PHF6 - Somatic Mutations and Their Role in Pathophysiology of MDS and AML

Recently, rare somatic nonsense PHF6 mutations and deletions have been reported in patients with T-ALL,  AML and blast crisis CML. Germ line PHF6 mutations have been described in Borjeson−Forssman−

Lehmann syndrome (BFLS), a hereditary X-linked disorder characterized by mental retardation and somatic deformities. Patients with BFLS have been also reported to develop leukemia, suggesting PHF6 mutations may predispose to cancer. PHF6 is a highly conserved 41kDa protein showing ubiquitous expression in a variety of tissues, including bone marrow, CD34⁺ cells and leukocytes. The function and molecular pathogenesis in hematological disorders is unknown. PHF6 has been suggested to be a tumor suppressor gene (TSG) involved in the control of rRNA synthesis. Recent CHIPseq experiments showed that PHF6 binds upstream of the regulatory sequence of RUNX1.

In an index case of a young adult female patient with proliferative CMML with dysmorphic features, we have identified remarkable GL mosaicism for PHF6 mutation (p.K44fs), confirmed by deep sequencing of bone marrow, CD3⁺ cells, spleen and skin tissue.  Subsequently, we screened patients with myeloid neoplasms by targeted multi-amplicon sequencing to determine the prevalence and distribution of PHF6 gene alterations. Sequencing results from 1122 cases were analyzed (778 by targeted deep sequencing and 344 by whole exome sequencing).  In total, we identified 45 cases with PHF6 mutations, 32 of which were frameshift or nonsense mutations. Previously, PHF6 have been included in screening panels by Haferlach et al., (Leukemia 2014) and Papaemmanuil et al., (Blood 2013) and somatic mutations were found in 24/944 and 21/738 cases of MDS, respectively.  The somatic nature of these defects was confirmed by analysis of non-clonal CD3⁺ lymphocytes,  Thus the incidence of PHF6 mutations ranges from 4.3% in current study to 2.8% and 2.5% reported by others and are most frequently observed among patients with secondary AML (33%), suggesting that PHF6 mutations are not uncommon driver events in myeloid neoplasia. Gender distribution showed a strong male predominance (76%), indicating that retention of a single copy of PHF6 may be protective. There was no significant sex difference in the transcriptional expression of PHF6 itself. The most frequent chromosomal aberration observed in conjunction with PHF6 mutations was trisomy-8 (p=.08). The most commonly associated somatic mutations were in RUNX1 (p=.001) and IDH2 (p=.008). Concomitant PHF6 and RUNX1 mutations are associated with a poor prognosis in AML, and occur predominantly in males.  There was no association observed between low expressors of PHF6 and RUNX1 mutations or RUNX1 expression levels.  Conversely, RUNX1 mutant cases without somatic PHF6 mutations were not observed to have low transcriptional PHF6 levels.
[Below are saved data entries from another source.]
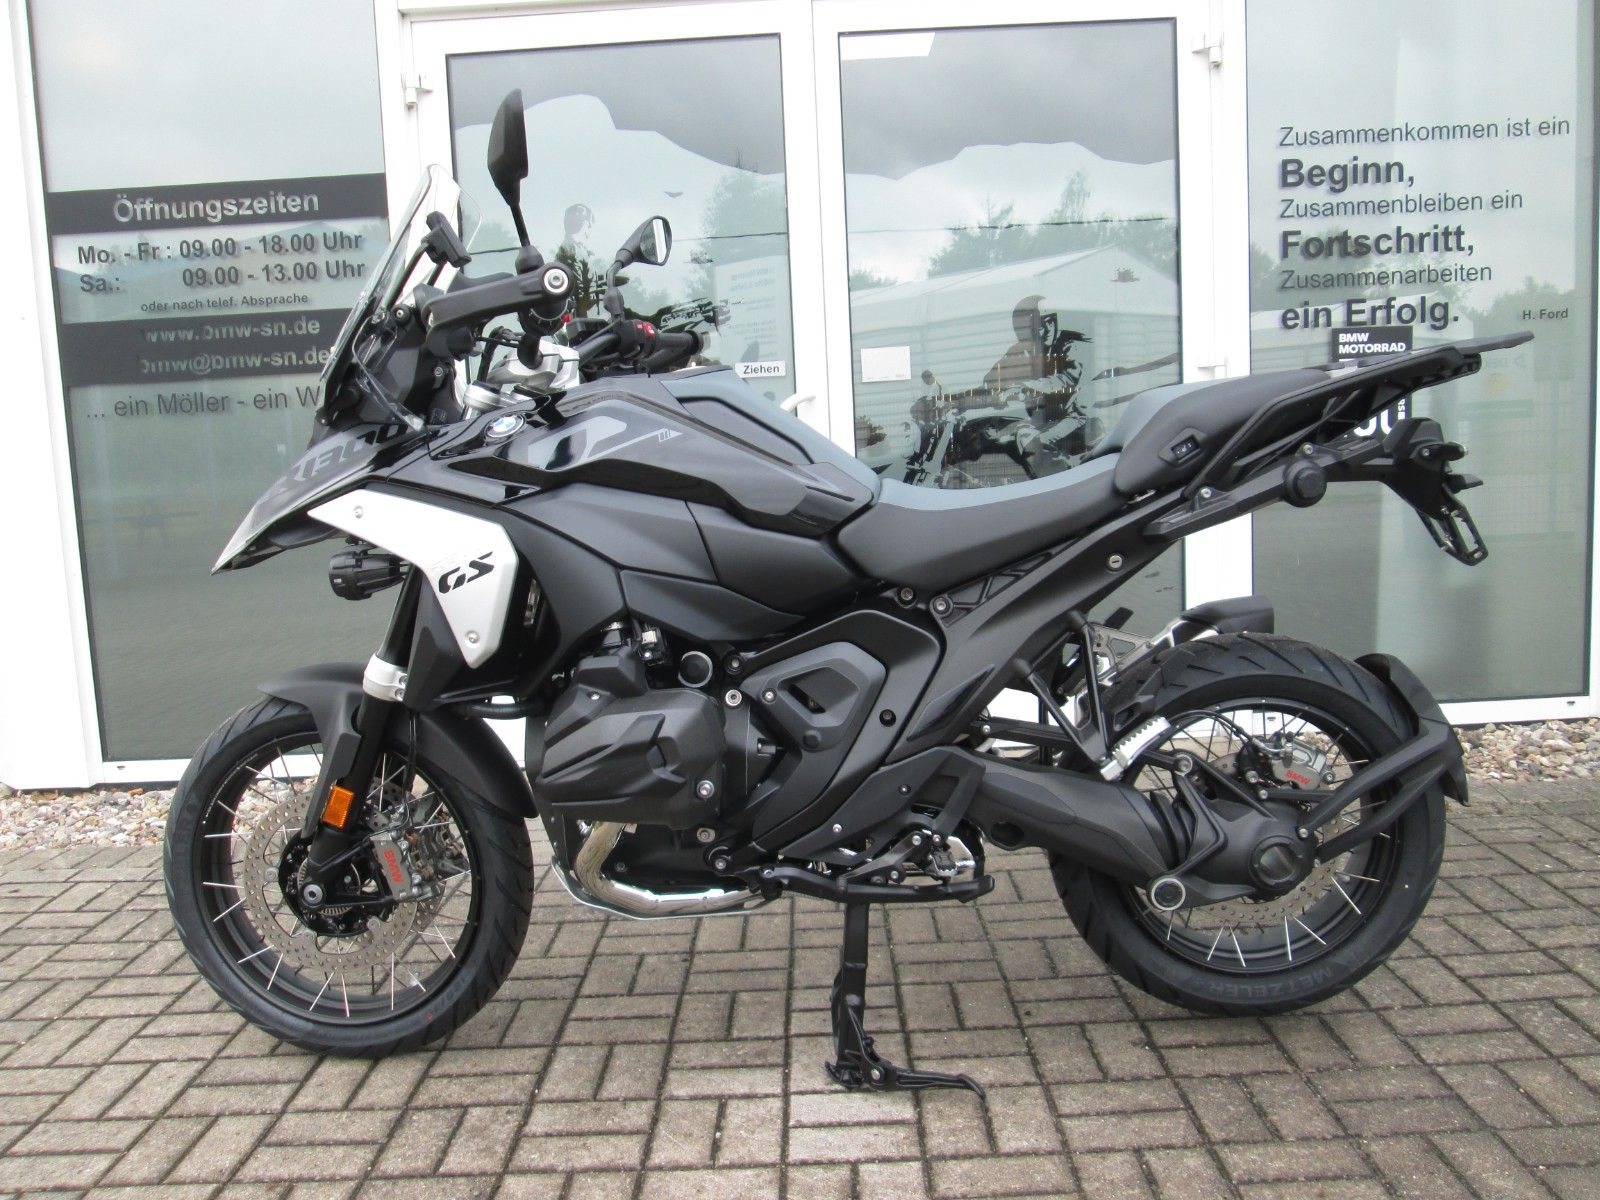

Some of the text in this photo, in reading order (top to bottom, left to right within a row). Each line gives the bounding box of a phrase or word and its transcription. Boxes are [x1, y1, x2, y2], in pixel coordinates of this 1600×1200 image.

[1280, 116, 1570, 147] Zusammenkommen ist ein
[1280, 156, 1415, 193] Beginn,
[113, 190, 319, 223] Öffnungszeiten
[1280, 190, 1523, 218] Zusammenbleiben ein
[78, 245, 116, 264] Mo.
[180, 238, 236, 258] 09.00
[259, 232, 315, 254] 18.00
[323, 230, 362, 250] Uhr
[1281, 225, 1474, 259] Fortschritt,
[80, 274, 120, 292] Sa.:
[182, 266, 239, 287] 09.00
[262, 261, 318, 282] 13.00
[326, 259, 365, 279] Uhr
[1281, 264, 1492, 290] Zusammenarbeiten
[141, 293, 308, 312] oder nach telef. Absprache
[1281, 297, 1459, 331] ein Erfolg.
[1522, 308, 1569, 320] H. Ford
[1339, 332, 1369, 342] BMW
[1339, 342, 1406, 354] MOTORRAD
[743, 365, 780, 375] Ziehen
[114, 395, 149, 417] ein
[157, 391, 229, 415] Möller
[253, 388, 288, 409] ein
[438, 550, 495, 594] GS
[1286, 769, 1310, 785] BMW
[383, 849, 404, 884] BMW
Subsequent analysis of clonal architecture using variant allelic frequency calculations and serial sampling suggested that mutated PHF6 may function as a founder driver gene in proportion of cases, while RUNX1 mutations are acquired as secondary events.
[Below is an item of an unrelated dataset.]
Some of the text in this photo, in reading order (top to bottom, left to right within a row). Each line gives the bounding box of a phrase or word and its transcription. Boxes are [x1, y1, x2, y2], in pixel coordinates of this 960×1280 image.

Recent studies proposed that PHF6 deficiency leads to impaired cell proliferation, cell cycle arrest at the G₂/M phase and an increase in DNA damage. To delineate a possible pathophysiological pathway involving PHF6 we compared transcriptional expression profiles of low expressors to those with normal levels of PHF6. The most notably deregulated group of genes were clustered to a functionally related group of ribosomal RNA proteins (p<.00001). To better understand functional properties of PHF6 we conducted PHF6 specific immuno-precipitation followed by mass spectrometric fingerprinting on K562 cells to identify protein partners. We have identified a novel association of PHF6 in RNA degradation/stability and ribosomal proteins, including MOV and PABPC families. 

In conclusion, our results indicate that PHF6 mutations are generally present in more aggressive types of myeloid neoplasms and arefrequently associated with RUNX1/IDH2 mutations. Our functional in vitro studies, along with recently published reports, suggest an association of PHF6 deficiency with transcriptional regulation and thereby provide a basis for a transcriptional repressor phenotype conveyed by ancestral lesions, consistent with a role for PHF6 as a TSG.